Many times, I remember thinking, Calgon, take me away!

The helpful advice was (and is, still) never-ending.  But of all the rules and writing advice that I heard, there were two that always stuck out in my mind, probably because I struggled with accepting them the most.  Part of me wanted to blow these two rules out of the water:

13)  Never write a novel in first person.

14)  Never write a novel in present tense.

“Well, that’s a bummer,” I remember saying to myself when I learned these two gems.

For starters, I like to write in first person—not always, not for every story—but first person is usually my preferred style.  I always feel that my writing “voice” resonates more in first person, although I recognize the drawbacks of only relating one character’s perspective.  So when writing in first person, I have to work doubly hard to tell a story.  But for some of my novels, like CAPTIVE SPIRIT, first person simply worked.

Verb tense was the other sticky wicket rule that I remember hearing several years ago from an agent.  “Novels should always be in past tense. I usually don’t represent novels written in present tense,” she told me.  Humph, I thought.  But I like writing in present tense, particularly with young adult novels and even some literary fiction.   For me, present tense can make a story more exciting, more immediate.  It’s what’s happening in the here and now.  While it certainly doesn’t work for every short story and novel that I write, sometimes, dang it all, present tense just feels right.

Rules are important, there’s no doubt about it.  They provide a starting point and some structure.  But I think the trick is applying what works best for you and your writing style.  Above all else, regardless of the rules, there has to be a compelling story.  If a story hooks and keeps me turning the pages, I don’t care whether it’s written in first person, second person, present tense, future tense, crayon, pink magic marker, English or Pig Latin.  I’ll read it anyway.

What’s the best/worst writing advice you’ve been given?  Are there any rules that you’ve bended or flatly refused to accept?

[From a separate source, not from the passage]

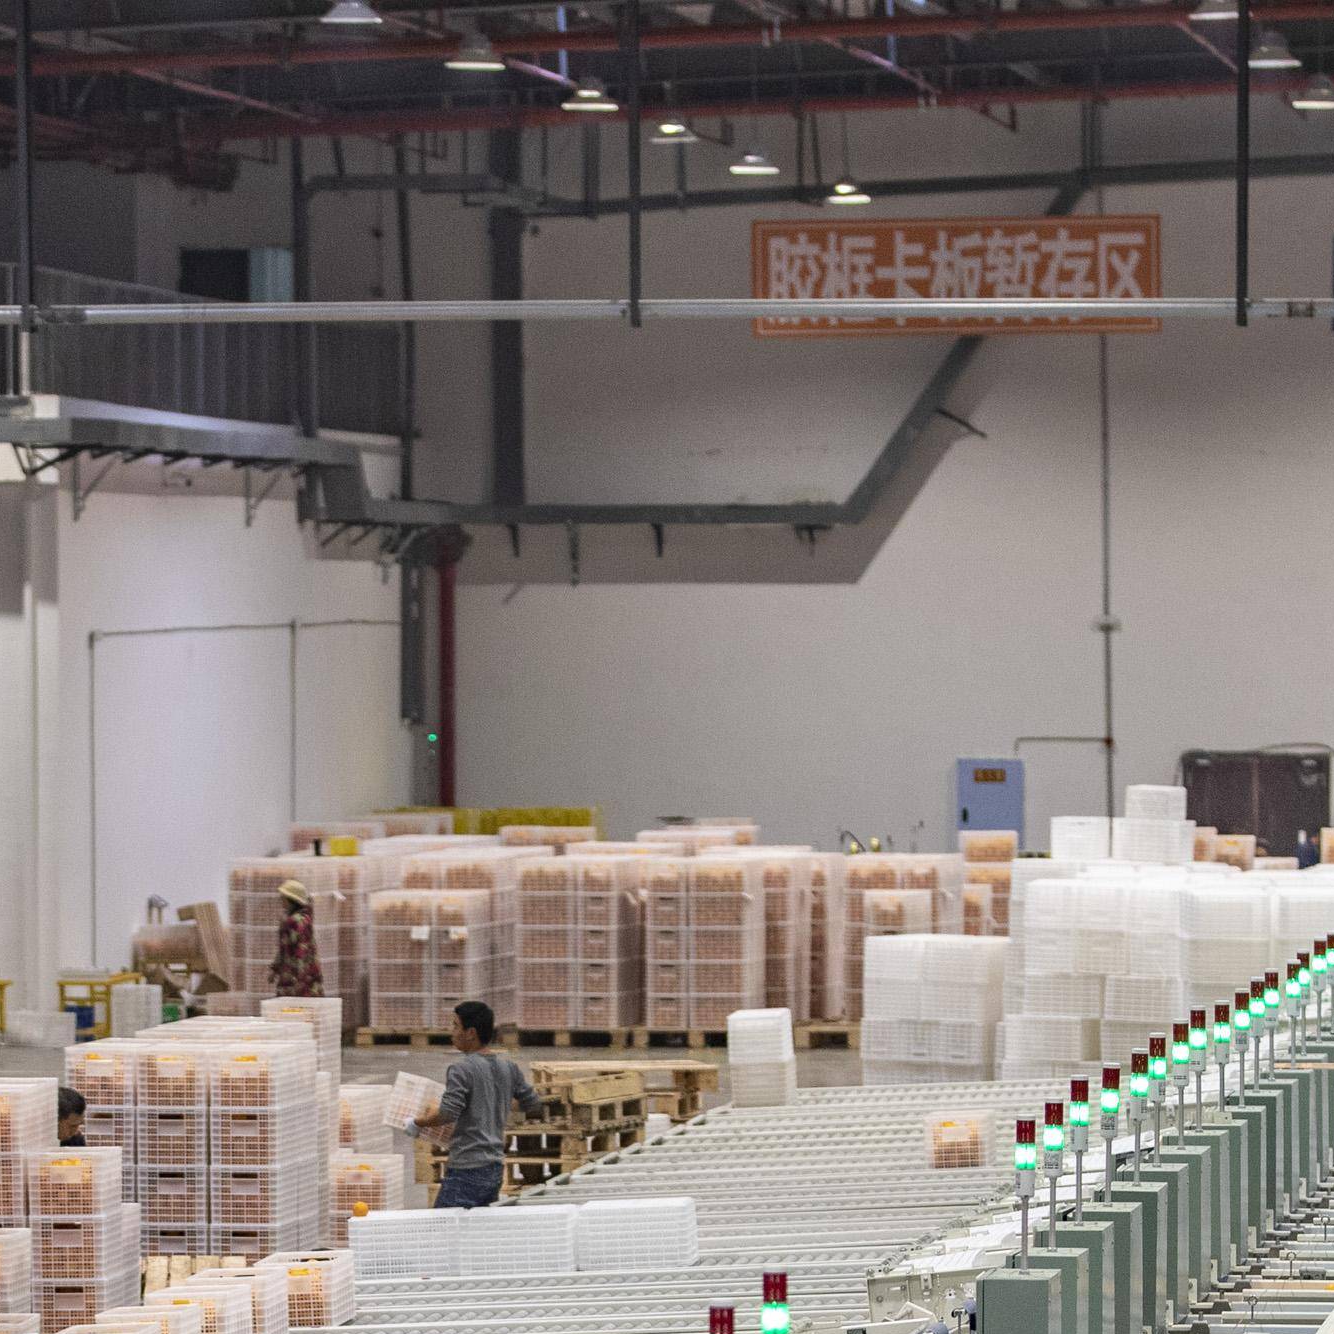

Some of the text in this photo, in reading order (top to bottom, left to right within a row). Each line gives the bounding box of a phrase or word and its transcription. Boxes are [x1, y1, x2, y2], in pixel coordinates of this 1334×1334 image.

37 Thoughts to “Guest Post – Liz Fichera on Breaking the Rules”

  1. Tia Nevitt

    I never trusted the “no first person” rule because I read so many first person novels. Anyone who looks askance at a first person novel probably doesn’t read much or is locked into one genre.

    The best writing advice came from a former boss who got it into our head that we should have zero passive voice in our business documents. Now I use passive voice only when I’m trying to obscure the person or thing who is taking the action.

    I can’t think of any “worst” advice. I must have been lucky!

    1. Tia, Passive voice is another one of those rules. It’s one that I find where industry professionals have a hard-core “use or don’t use it” mentality. Thanks for having me on your blog today!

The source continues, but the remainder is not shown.